Le Minox est entouré de quelques accessoires particuliers qui accentuent encore ce côté espion. Par exemple, la chainette qui permet de l’attacher à ses vêtements (pour ne pas le perdre) : lors de la photographie de documents, la chaine mesure 60 cm de long et possède de petits marqueurs (nœuds) à 20, 24, 30 et 40 cm, tout comme les marquages ​​sur le cadran de mise au point (lorsque vous utilisez toute la longueur de la chaîne – soit 60 cm, la distance est idéale pour photographier des documents au format A4 +).; un minuscule trépied, à monter rapidement, permet de le fixer à la bonne hauteur pour les copies; un autre accessoire permet de le fixer sur l’oculaire d’une paire de jumelle et de lui adjoindre ainsi un super téléobjectif; il y a aussi un flash que l’on peut monter à son extrémité, mais à réserver aux espions qui se savent vraiment seuls !
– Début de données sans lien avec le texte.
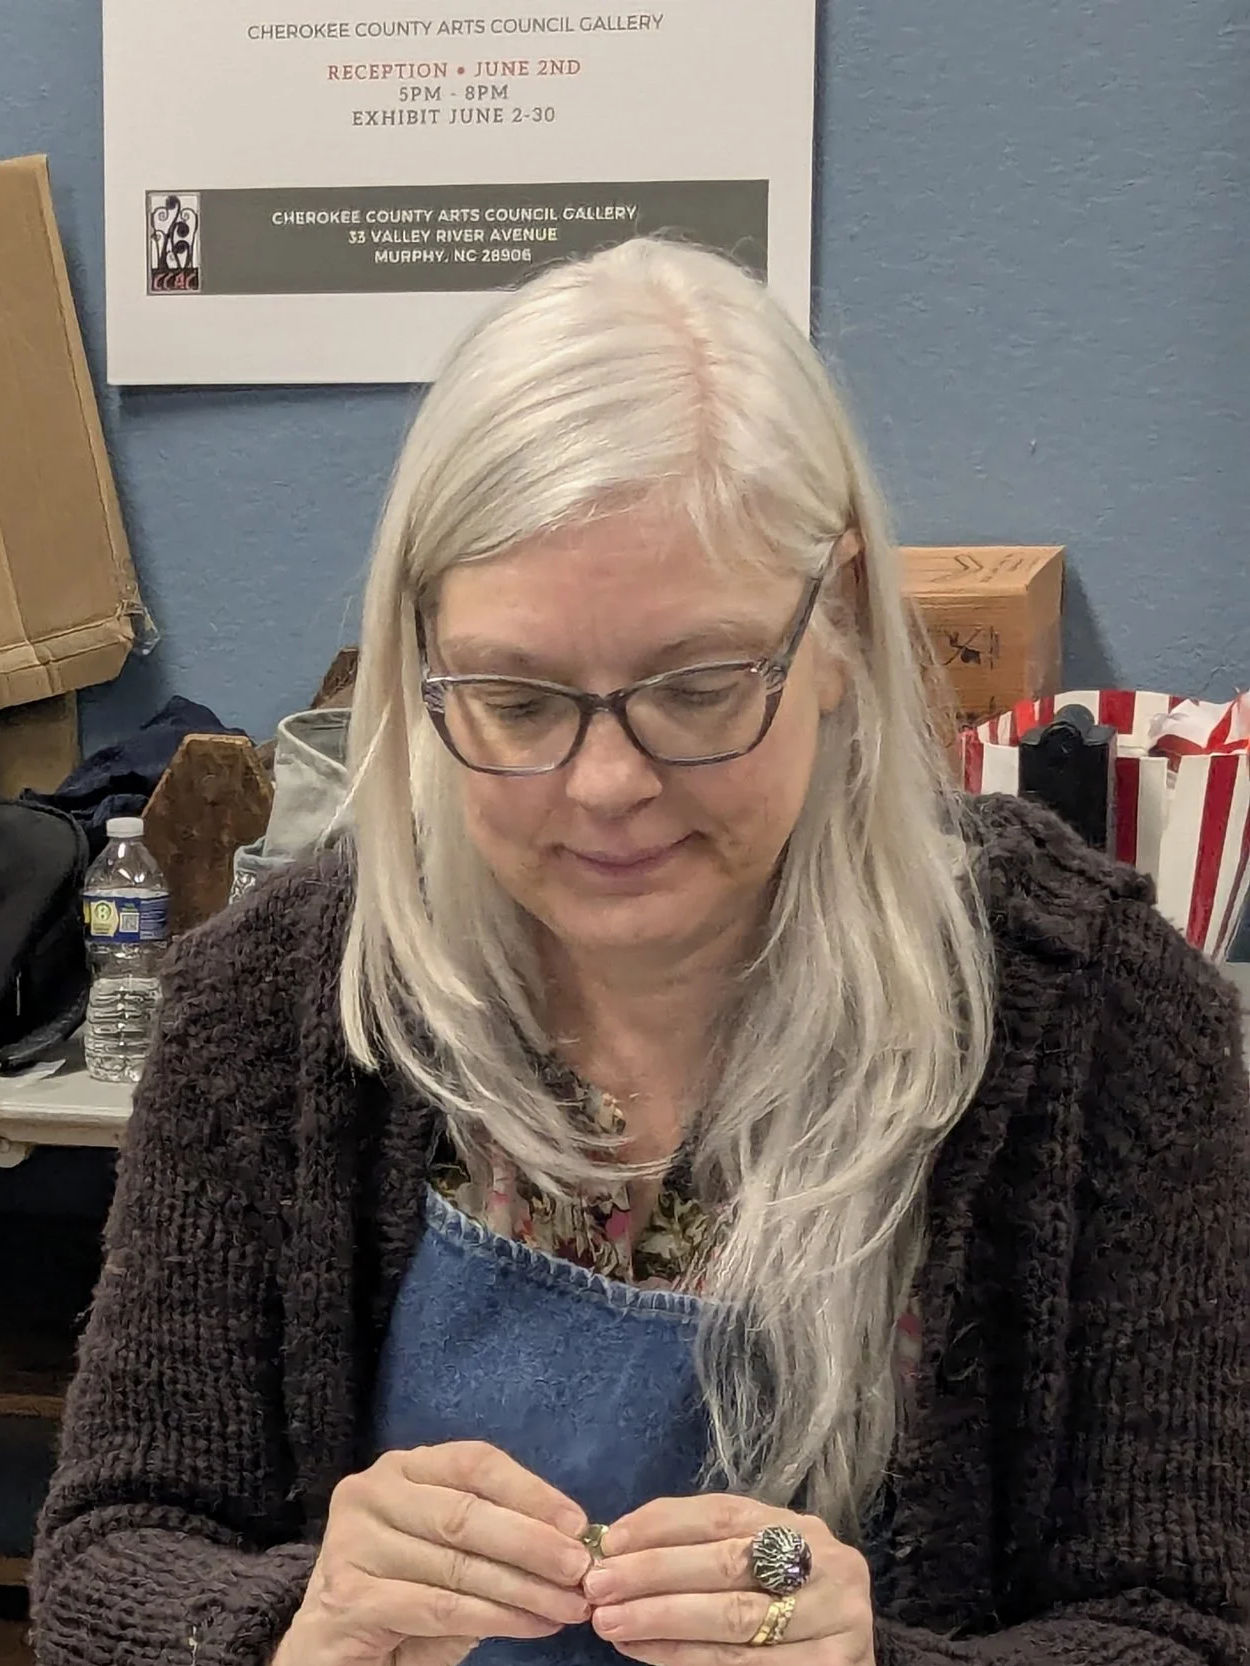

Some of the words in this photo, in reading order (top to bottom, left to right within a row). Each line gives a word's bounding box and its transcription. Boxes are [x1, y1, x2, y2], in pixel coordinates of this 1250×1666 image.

[248, 22, 350, 40] CHEROKEE
[355, 21, 432, 38] COUNTY
[437, 19, 485, 36] ARTS
[491, 17, 574, 34] COUNCIL
[580, 14, 663, 32] GALLERY
[327, 63, 448, 81] RECEPTION
[474, 61, 529, 77] JUNE
[537, 59, 581, 76] 2ND
[399, 86, 441, 102] 5PM
[465, 84, 508, 101] 8PM
[352, 109, 440, 126] EXHIBIT
[449, 108, 503, 124] JUNE
[512, 107, 556, 123] 2-30
[272, 209, 360, 225] CHEROKEE
[366, 209, 433, 223] COUNTY
[438, 208, 480, 222] ARTS
[485, 207, 557, 221] COUNCIL
[563, 205, 637, 221] GALLERY
[348, 230, 366, 244] 33
[371, 229, 431, 243] VALLEY
[436, 229, 485, 242] RIVER
[490, 228, 558, 242] AVENUE
[374, 249, 448, 264] MURPHY,
[454, 249, 478, 262] NC
La bande du film, non perforée, mesure 9,2mm de large. Elle est stockée sur une bobine à l’intérieur d’une cartouche pouvant contenir 50 images. Actuellement, les films sont limités à 36 vues, sauf si vous les coupez vous-mêmes dans des cartouches de film 135 (il existe une découpeuse dédiée à cet effet). Le négatif est de 8×11 mm, généralement en N/B, plus performant au niveau qualité des détails que le film en couleurs.
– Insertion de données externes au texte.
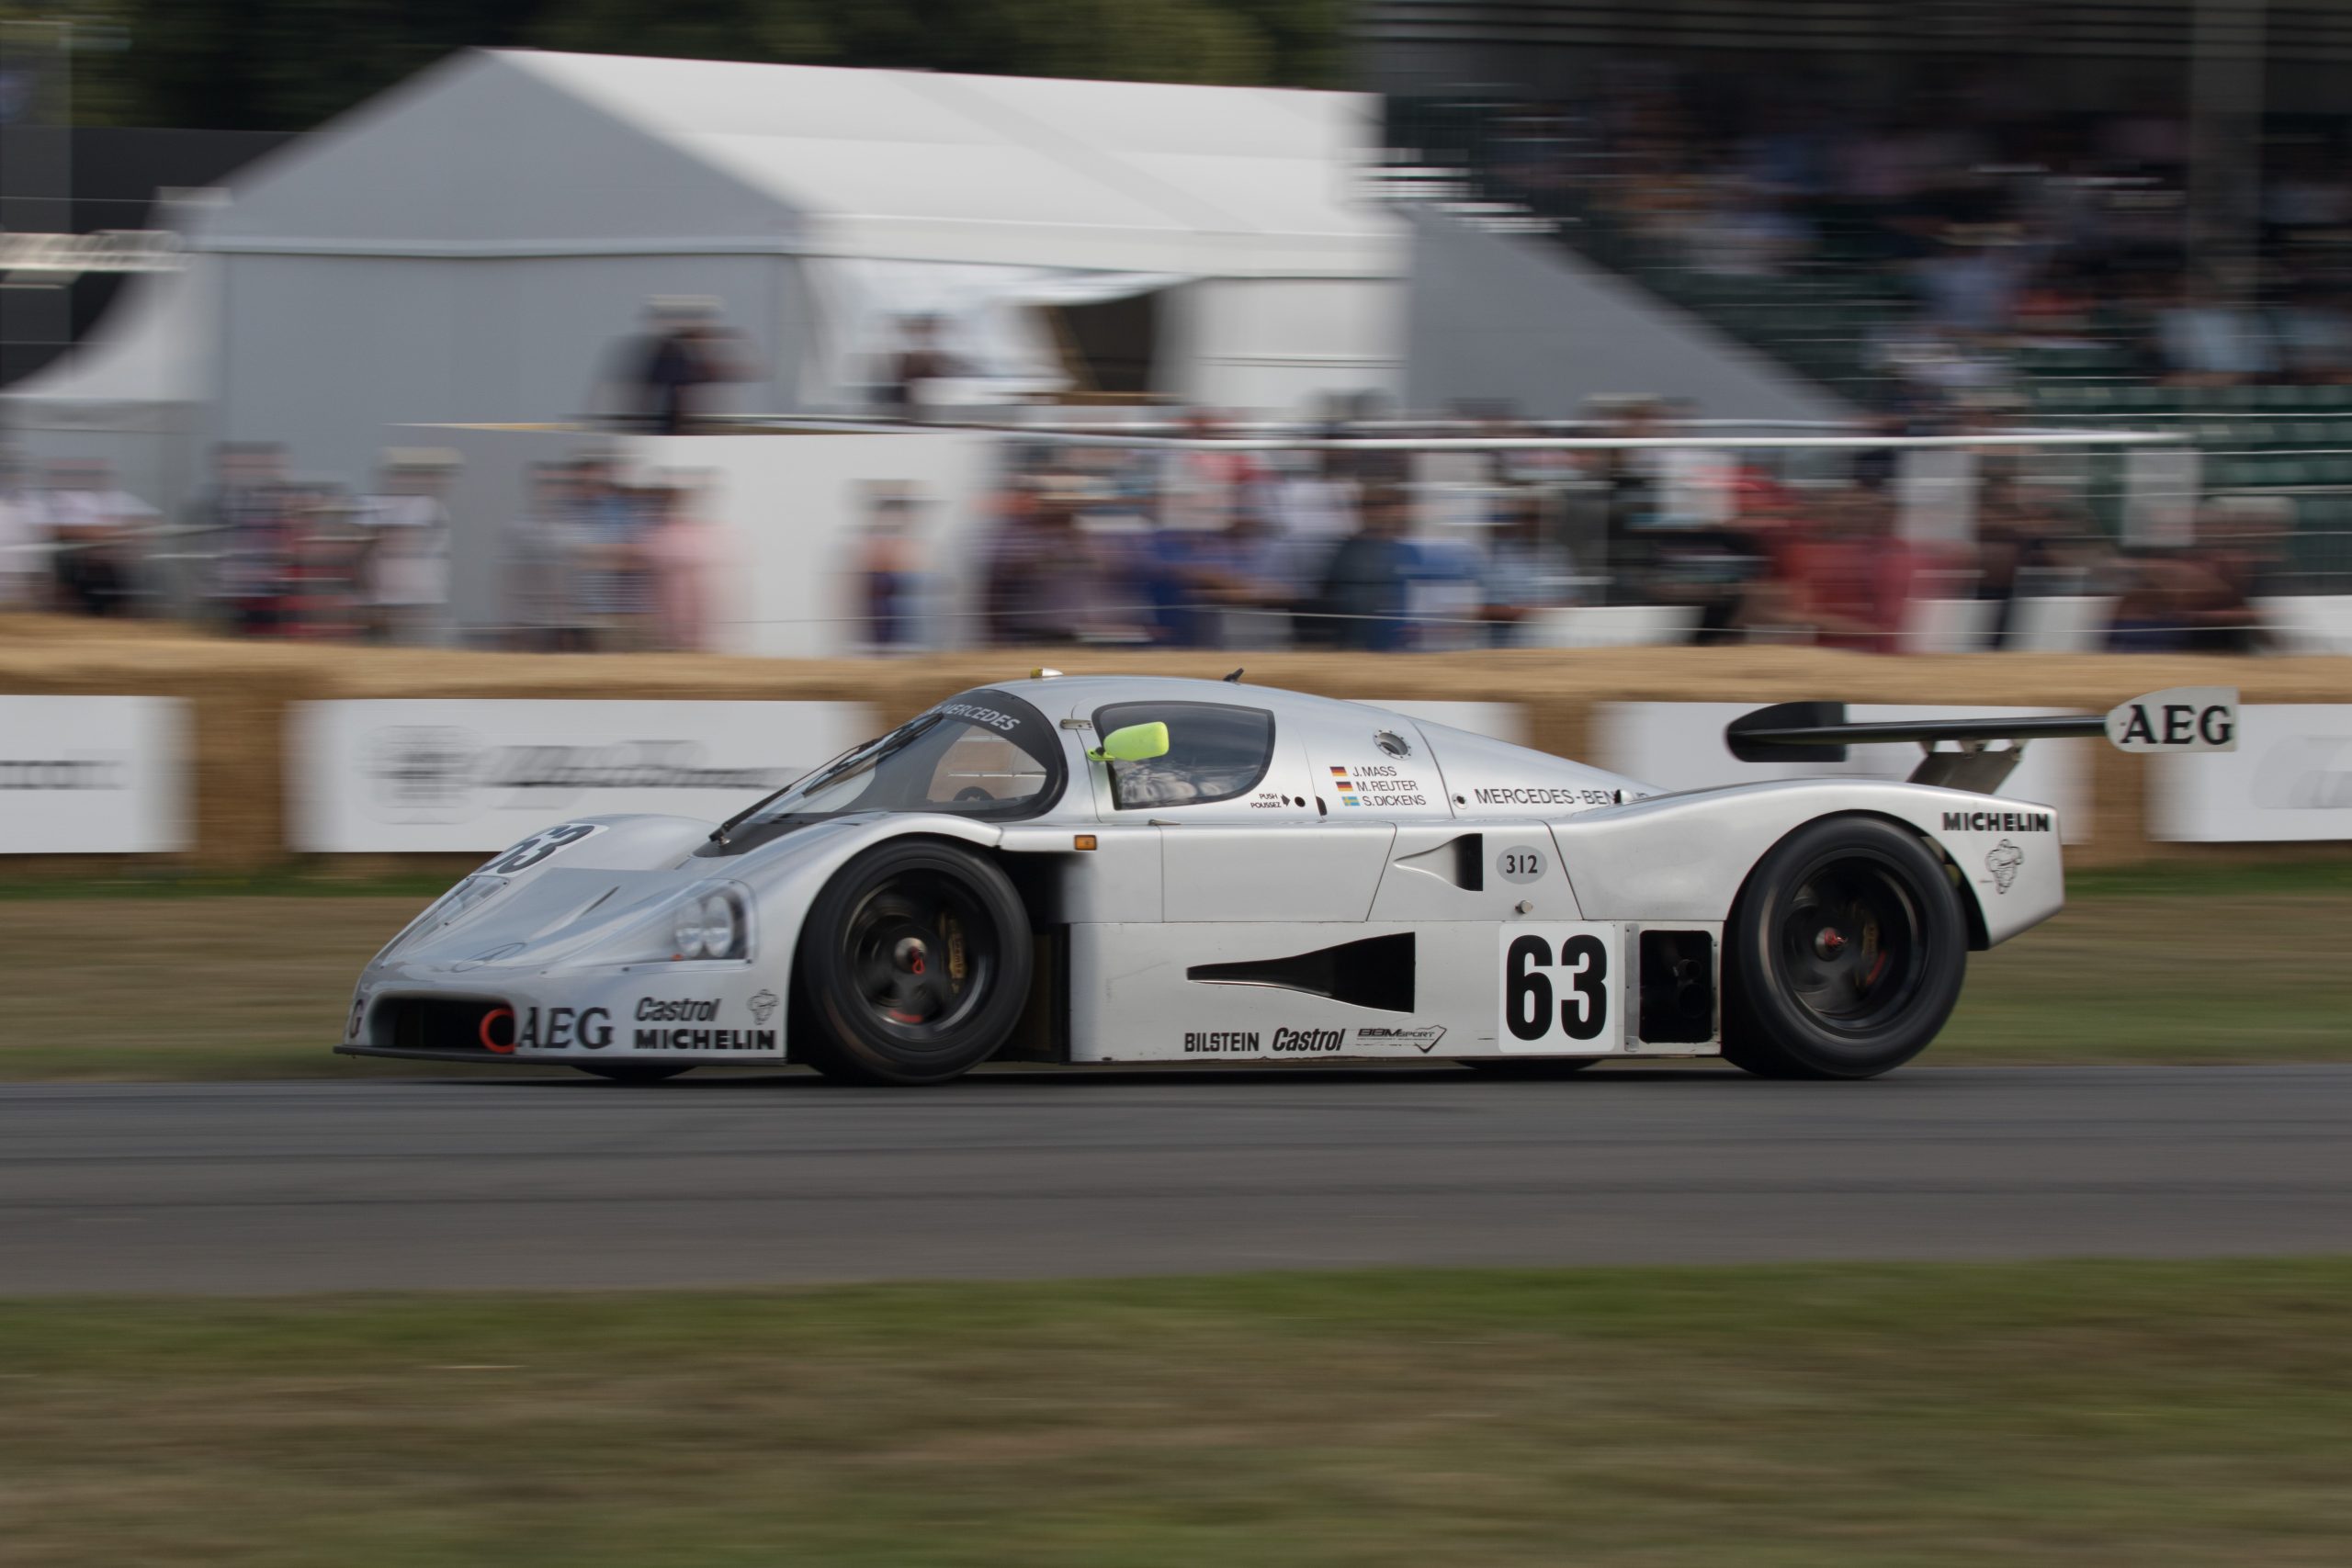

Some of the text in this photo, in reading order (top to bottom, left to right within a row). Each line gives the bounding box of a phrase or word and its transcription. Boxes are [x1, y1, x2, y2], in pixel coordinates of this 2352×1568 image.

[942, 704, 1021, 730] MERCEDES
[2120, 705, 2234, 745] AEG
[1357, 781, 1419, 792] M.REUTER
[1474, 789, 1616, 805] MERCEDES-BEN
[1363, 795, 1426, 807] S.DICKENS
[1942, 812, 2051, 831] MICHELIN
[1506, 854, 1538, 874] 312
[1506, 934, 1608, 1041] 63
[636, 997, 720, 1022] Castrol
[516, 1007, 615, 1050] AEG
[634, 1030, 775, 1050] MICHELIN
[1184, 1032, 1260, 1053] BILSTEIN
[1272, 1027, 1346, 1052] Castrol
L’objectif de très haute qualité, combiné à un film au rendu excellent, permet d’obtenir des images (N/B) avec d’énormes détails malgré de si petits négatifs.
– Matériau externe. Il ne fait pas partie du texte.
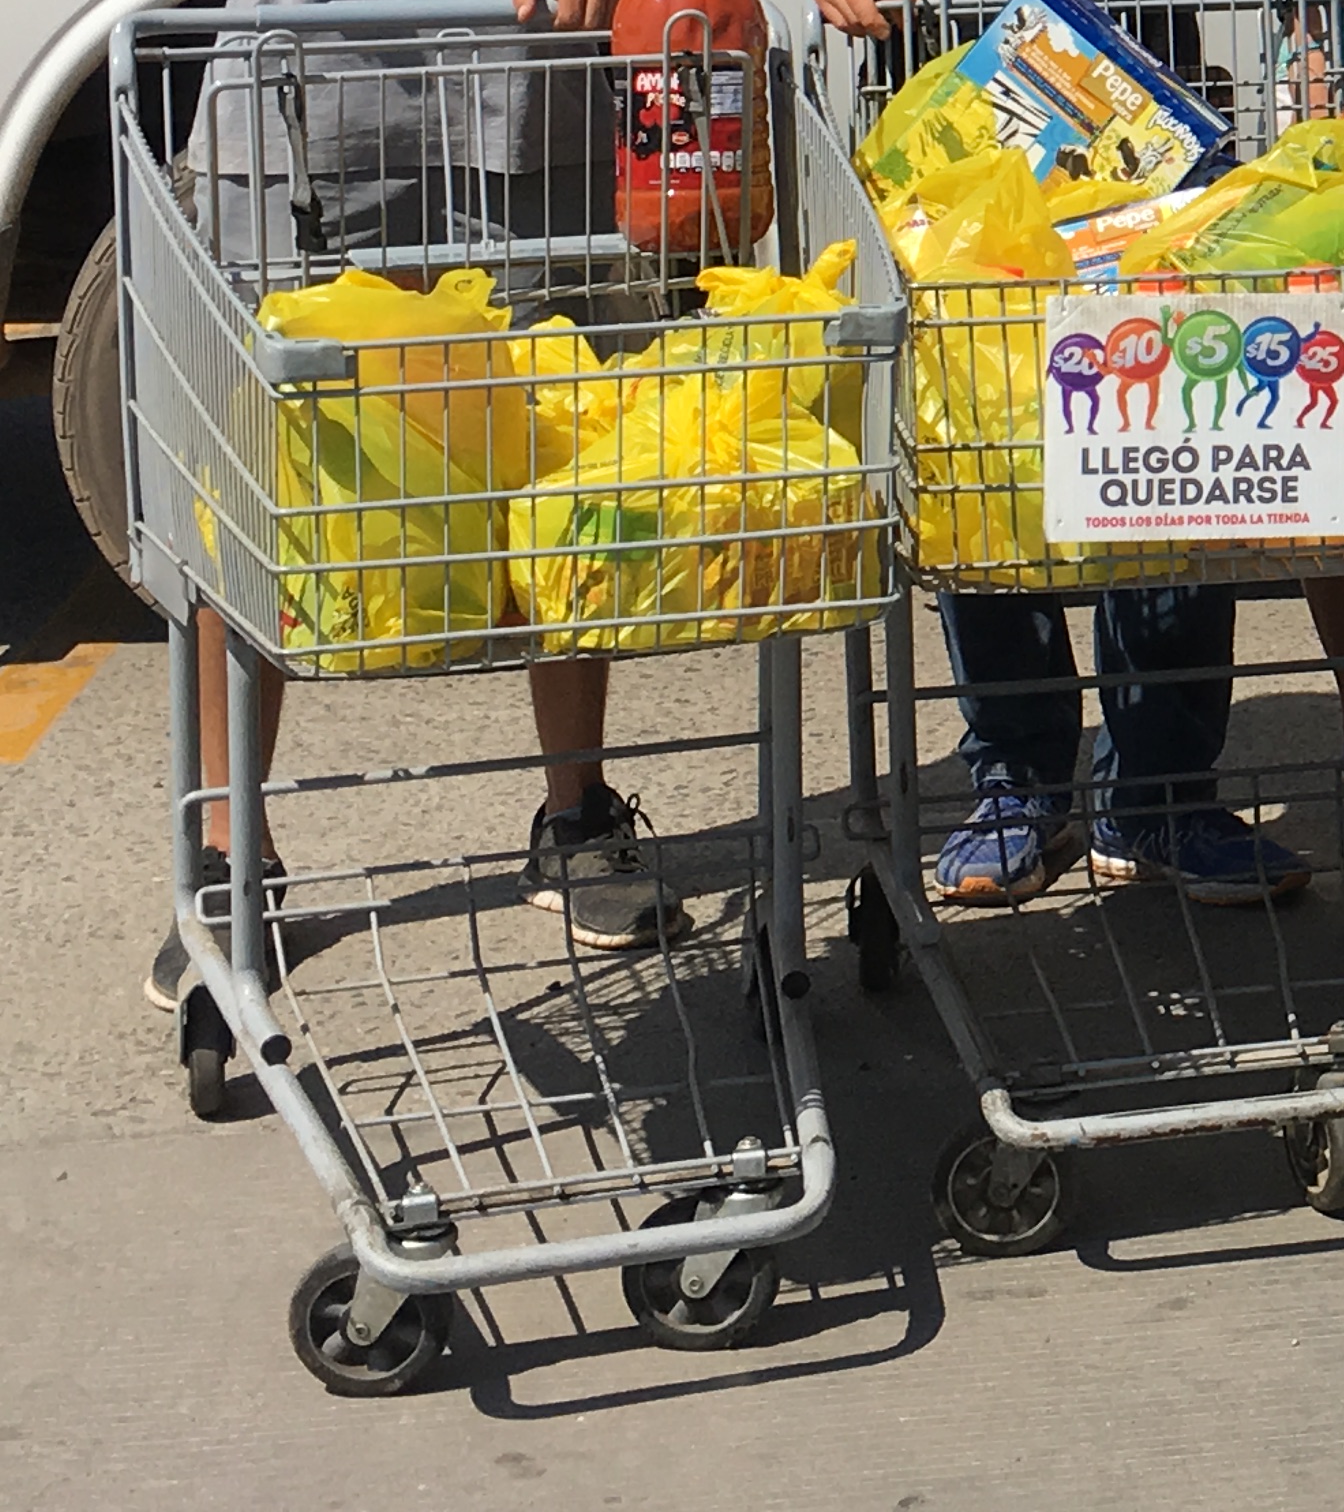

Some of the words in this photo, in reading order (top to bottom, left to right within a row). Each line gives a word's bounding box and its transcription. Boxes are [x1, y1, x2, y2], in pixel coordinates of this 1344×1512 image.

[1092, 59, 1144, 110] Pepe
[1096, 209, 1155, 232] Pepe
[1112, 332, 1162, 369] $10
[1186, 325, 1230, 364] $5
[1246, 332, 1291, 366] $15
[1081, 438, 1199, 475] LLEGÓ
[1212, 444, 1311, 472] PARA
[1100, 476, 1299, 507] QUEDARSE
[1086, 516, 1126, 528] TODOS
[1129, 516, 1152, 527] LOS
[1155, 512, 1184, 526] DÍAS
[1188, 515, 1211, 525] POR
[1215, 514, 1247, 524] TODA
[1250, 514, 1264, 524] LA
[1267, 512, 1310, 524] TIENDA
Le Minox B est le premier appareil subminiature avec une cellule intégrée, qui ne nécessite pas de pile, c’est une cellule au sélénium, qui convertit la lumière en électricité et entraine directement la jauge de la cellule.

Le compteur de vues augmente à chaque prise de vue, jusqu’à un maximum de 50 expositions. La fermeture de la caméra protège également l’objectif en déplaçant une plaque devant lui. Veuillez noter qu’à chaque fois que l’appareil photo est fermé, le film avance à la position suivante, que la photo ait été prise ou non. Cette mauvaise fonctionnalité, ou anomalie, a été résolue dans les modèles Minox ultérieurs.

Son obturateur mécanique fonctionne avec des vitesses allant de 1/2 à 1/1000 sec. L’objectif de haute précision permet une mise au point de 20 cm (8 pouces) à l’infini.

Lorsque vous tournez la molette de mise au point, le viseur se déplace en tandem pour corriger les erreurs de parallaxe. Au-dessus du viseur se trouve une barre de filtre, qui permet de déplacer un filtre vert ou neutre (ND) devant l’objectif. Ces filtres sont utilisés pour augmenter le contraste et réduire la luminosité en plein jour. Ce dernier est nécessaire pour photographier à l’extérieur alors que l’appareil photo est chargé d’un film très sensible.

Si vous vous rappelez que cet appareil, à l’origine, était prévu pour être un appareil destiné aux photographes aisés et exigeants, vous avez là tous les éléments d’une machine d’exception, dans un format lilliputien.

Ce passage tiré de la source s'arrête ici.